Skip to Navigation Skip to Content

Nicholas Jewell

Professor of Biostatistics and Statistics
Department of Statistics, School of Public Health
jewell@berkeley.edu
(510) 642-4627

Research Expertise and Interest

adverse cardiovascular effects of pharmaceuticals, AIDS, counting civilian casualties during conflicts, epidemiology, H1N1 influenza, infectious diseases, SARS, statistics

Description

I am involved in the application of statistical techniques to problems arising from the health and biomedical sciences. Recently, my attention has focused on statistical issues associated with studies of the natural history of infectious diseases including Human Immunodeficiency Virus (HIV) disease, Severe Acute Respiratory Syndrome (SARS), and H1N1 influenza. I am also investigating statistical tools for community trials for HIV prevention in Africa.

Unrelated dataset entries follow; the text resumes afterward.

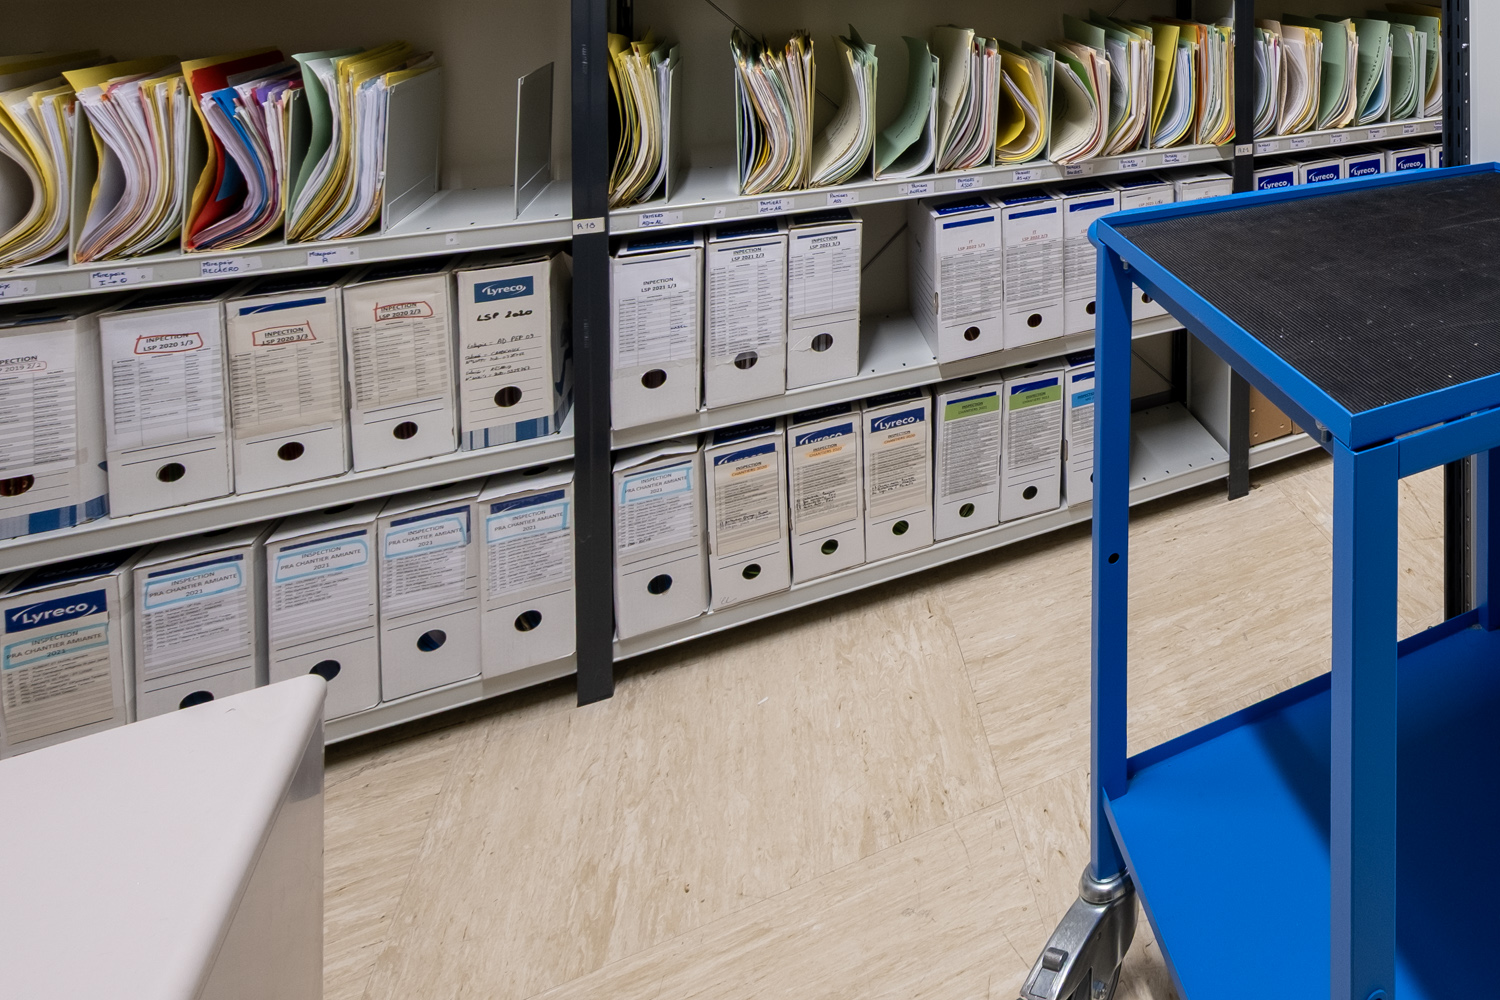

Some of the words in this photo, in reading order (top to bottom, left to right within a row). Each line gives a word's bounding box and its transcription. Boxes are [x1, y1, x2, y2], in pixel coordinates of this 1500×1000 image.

[1353, 165, 1375, 177] Lyreco
[1399, 160, 1421, 171] Lyreco
[1311, 171, 1335, 183] Lyreco
[1263, 180, 1288, 190] Lyreco
[642, 277, 674, 286] INPECTION
[486, 284, 524, 297] Lyreco
[476, 311, 500, 322] LSP
[504, 309, 533, 319] 2020
[264, 327, 304, 338] INPECTION
[159, 341, 179, 349] 2020
[276, 335, 295, 343] 2020
[879, 415, 915, 430] Lyreco
[640, 473, 672, 484] INSPECTION
[636, 480, 663, 491] CHANTIER
[507, 519, 536, 529] CHANTIER
[536, 511, 564, 522] AMIANTE
[512, 510, 546, 521] INSPECTION
[407, 524, 445, 536] INSPECTION
[522, 524, 536, 532] 2021
[388, 539, 401, 547] PRA
[402, 534, 433, 544] CHANTIER
[434, 527, 463, 538] AMIANTE
[418, 540, 433, 548] 2021
[301, 545, 342, 559] INSPECTION
[280, 563, 294, 571] PRA
[296, 555, 329, 568] CHANTIER
[330, 548, 361, 560] AMIANTE
[313, 562, 330, 570] 2021
[171, 571, 215, 586] INSPECTION
[149, 590, 165, 598] PRA
[166, 581, 203, 595] CHANTIER
[204, 572, 237, 585] AMIANTE
[185, 588, 203, 597] 2021
[22, 601, 89, 625] Lyreco
[31, 629, 79, 646] INSPECTION
[6, 651, 23, 660] PRA
[24, 642, 65, 656] CHANTIER
[66, 632, 103, 645] AMIANTE
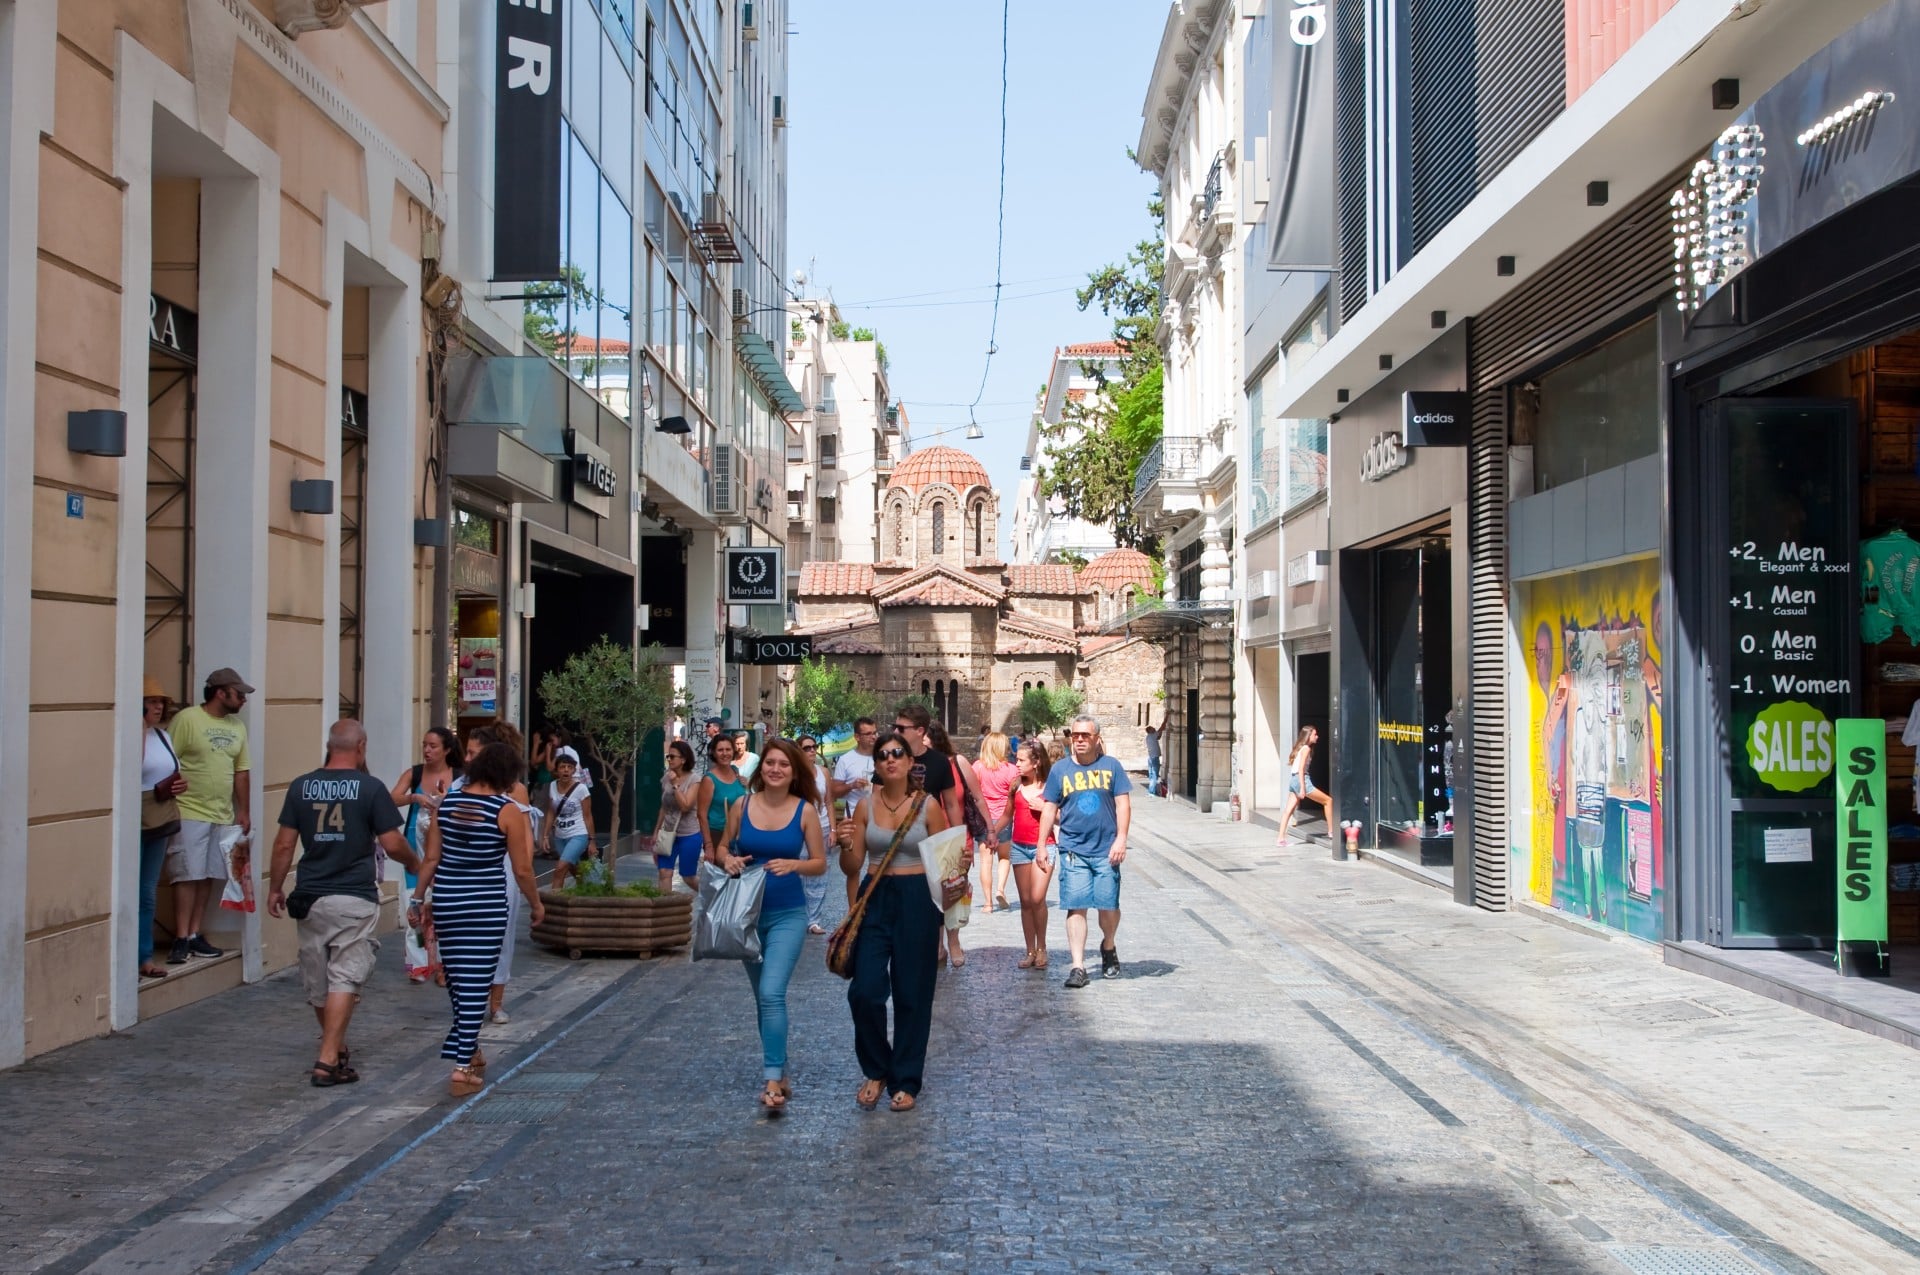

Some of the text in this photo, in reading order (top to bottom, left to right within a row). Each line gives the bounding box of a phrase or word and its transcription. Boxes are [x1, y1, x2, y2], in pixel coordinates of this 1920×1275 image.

Other interests include topics in causal inference and clinical trials, and statistical analyses of adverse health effects associated with therapeutic drugs including Vioxx and Avandia. From a statistical perspective, many of these problems concern survival analysis methods and other techniques for the analysis of incomplete data. I am a former President of the Western North American Region of the Biometric Society, and I was Vice Provost of the Berkeley campus from 1994--2000, and then at the Office of the President from 2007-08. My appointment is joint between Statistics and Biostatistics in the School of Public Health.